Affiliations: From the Department of Radiology, Stanford University Medical Center, Stanford, Calif,  From the Department of Radiology, Royal University Hospital, Saskatoon, Saskatchewan, Canada,  From the Department of Pulmonary and Critical Care, Oshner Clinic, New Orleans,  From the Department of Pulmonary and Critical Care, Wayne State University School of Medicine, Detroit,  From the Department of Pathology, Stanford University Medical Center, Stanford, Calif,  From the Department of Cardiothoracic Surgery, Stanford University Medical Center, Stanford, Calif,  From the Department of Pulmonary and Critical Care, Stanford University Medical Center, Stanford, Calif


1998 by the American College of Chest Physicians


Chest. 1998;113(2):365-370. doi:10.1378/chest.113.2.365
Text Size: A A A
Published online

Abstract

Objective: The objective of this study was to determine if air trapping, as detected on expiratory high-resolution CT (HRCT), is useful as an indicator of bronchiolitis obliterans (BO) in lung transplant recipients.

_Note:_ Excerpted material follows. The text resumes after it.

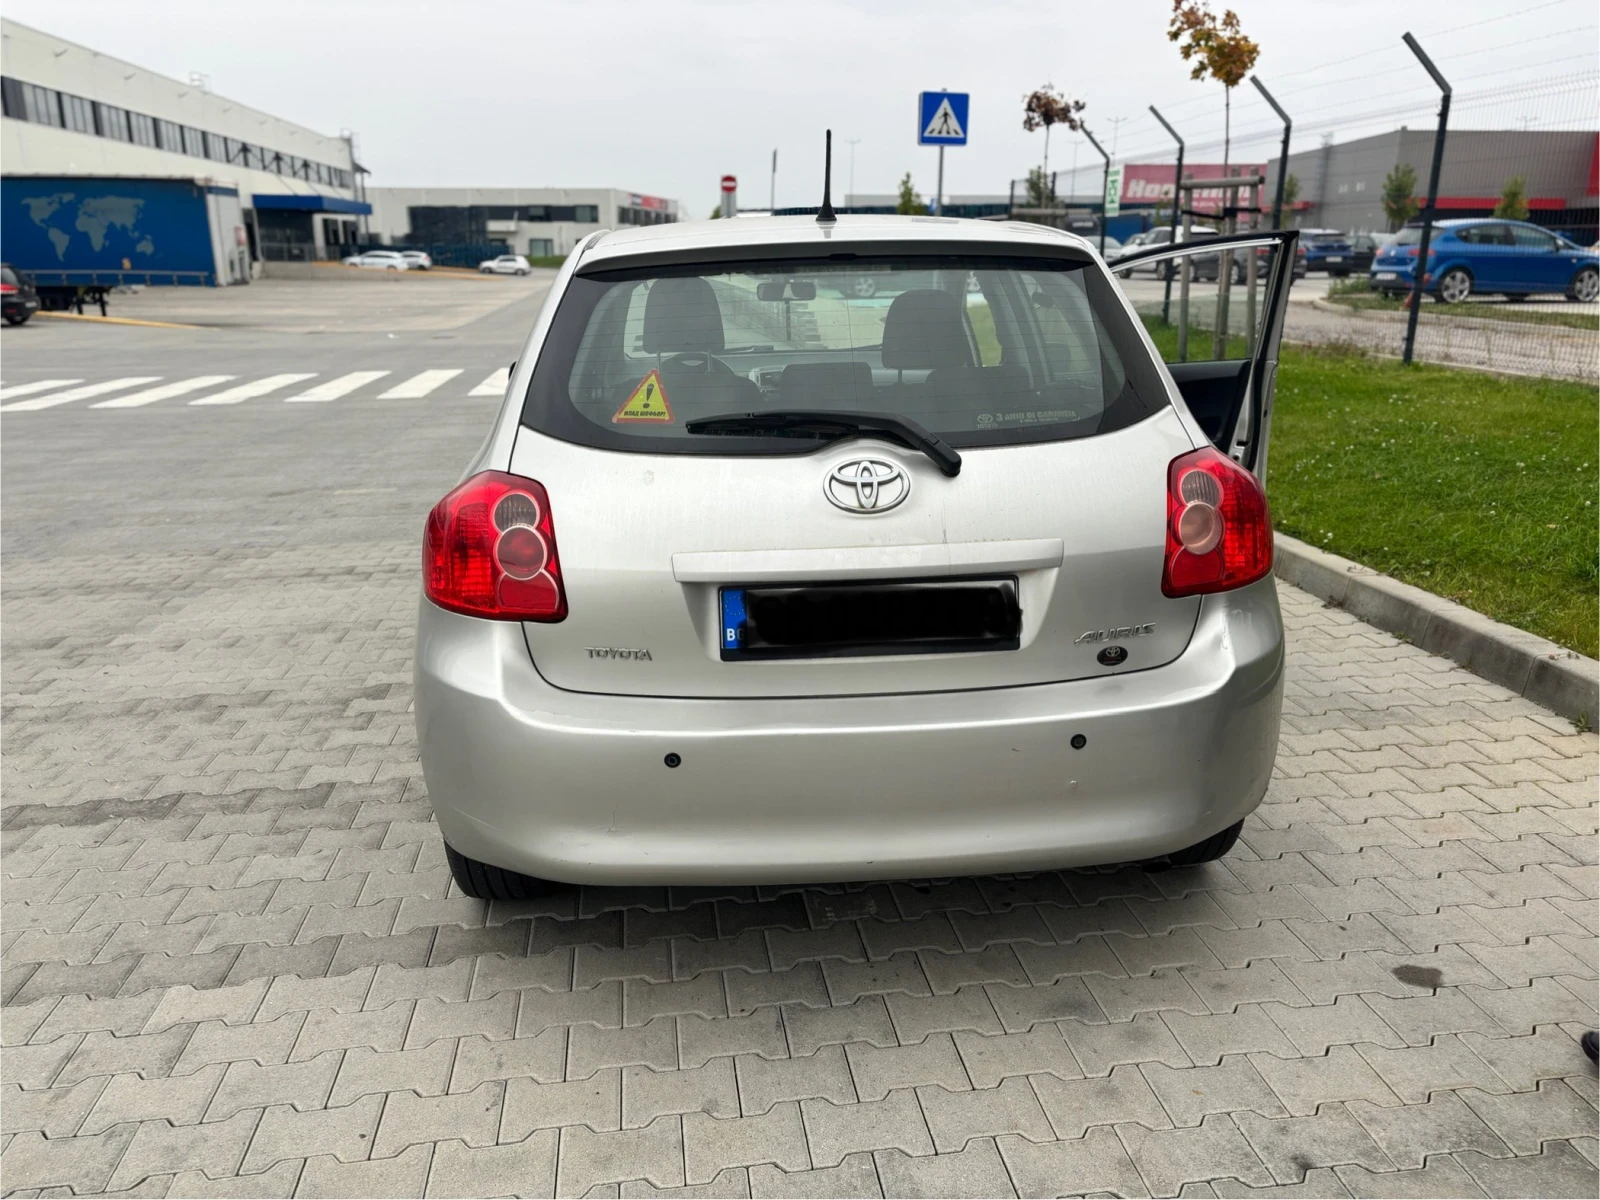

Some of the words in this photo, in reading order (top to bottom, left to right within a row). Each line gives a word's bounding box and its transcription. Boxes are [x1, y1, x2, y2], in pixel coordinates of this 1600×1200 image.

Materials and methods: Corresponding inspiratory and expiratory HRCT images at five different levels and spirometry were obtained in 21 lung transplant recipients. Eleven patients had BO proved by transbronchial biopsy specimens; the remaining 10 patients had no pathologic or functional evidence of airways disease. Two "blinded" observers assessed the inspiratory images for the presence of bronchiectasis and mosaic pattern of lung attenuation, and the expiratory images for presence and extent of air trapping. Statistical comparison of the frequency of HRCT findings between patients with and without BO was performed using Fisher's Exact Test.

Results: On inspiratory images, bronchiectasis and mosaic pattern of lung attenuation were present in 4 (36%) and 7 (64%) of 11 patients with BO, and 2 (20%) and 1 (10%) of 10 patients without BO (p>0.05 and p<0.05), respectively. The sensitivity, specificity, and accuracy of bronchiectasis and mosaic pattern for BO were 36%, 80%, and 57%, and 64%, 90%, and 70%, respectively. On expiratory images, air trapping was found in 10 of 11 (91%) patients with BO compared to 2 of 10 (20%) patients without BO (p<0.002). Air trapping was found to have a sensitivity of 91%, specificity of 80%, and accuracy of 86% for BO. Air trapping was identified in one patient with BO who had normal results of baseline spirometric function tests.

Conclusion: Air trapping, as detected on expiratory HRCT, was the most sensitive and accurate radiologic indicator of BO in the lung transplant population.